Yet again, another friend of mine recently encouraged me to try his homemade beer. I know many assimilated adults will say they genuinely love the craft of home brewing. They consider it an art form of sorts . . . a labor of love. I’d be more easily convinced of the merits of their endeavor if it ever produced something truly lovable, much less drinkable. It rarely does. I’ve tried a lot of lagers in my life, including dozens of homemade beers pushed on me by friends, and not a single one was worth trying again. In fact, most tasted like a glass of room-temperature, day-old coffee with a surprising yet disturbing hint of cough syrup in the aftertaste. So why do they bother? Here’s why I won’t.
The inexplicable popularity of this hobby has sparked an industry that produces some very comprehensive and easy-to acquire beginner’s brew kits and sets of ingredients. The costs of home brewing kits aren’t prohibitive, but the choices are. Which recipe do you want to try first? An English brown ale? Perhaps a German pilsner? How about an amber hybrid beer, or even a classic doppelbock? I’ve heard the ladies like a fun spiced-herb beer, but shouldn’t you offer them a sour ale first? By the time you sort out all the choices and finally pick your poison, you could’ve downed a six of Sam Adams already.

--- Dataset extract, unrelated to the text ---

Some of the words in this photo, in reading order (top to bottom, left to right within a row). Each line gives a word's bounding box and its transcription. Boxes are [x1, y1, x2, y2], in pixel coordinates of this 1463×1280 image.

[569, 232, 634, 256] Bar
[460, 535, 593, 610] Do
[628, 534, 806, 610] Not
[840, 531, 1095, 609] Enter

Another challenge to consider is where you are going to store your fermenting buckets of liquid fun. Of course, if you’re married, this decision is likely not yours to make, which means you can expect your recreational choice will be relegated to the basement crawlspace. Quite the endorsement of a worthwhile hobby.
Granted, there was a time when mixing up a batch of homebrew in your dorm room closet was daring, exciting and worthy of BMOC status. But that was back when you were underage, perpetually broke and looking for a challenge to outsmart those lame-ass nosy hall directors. So what’s the point now?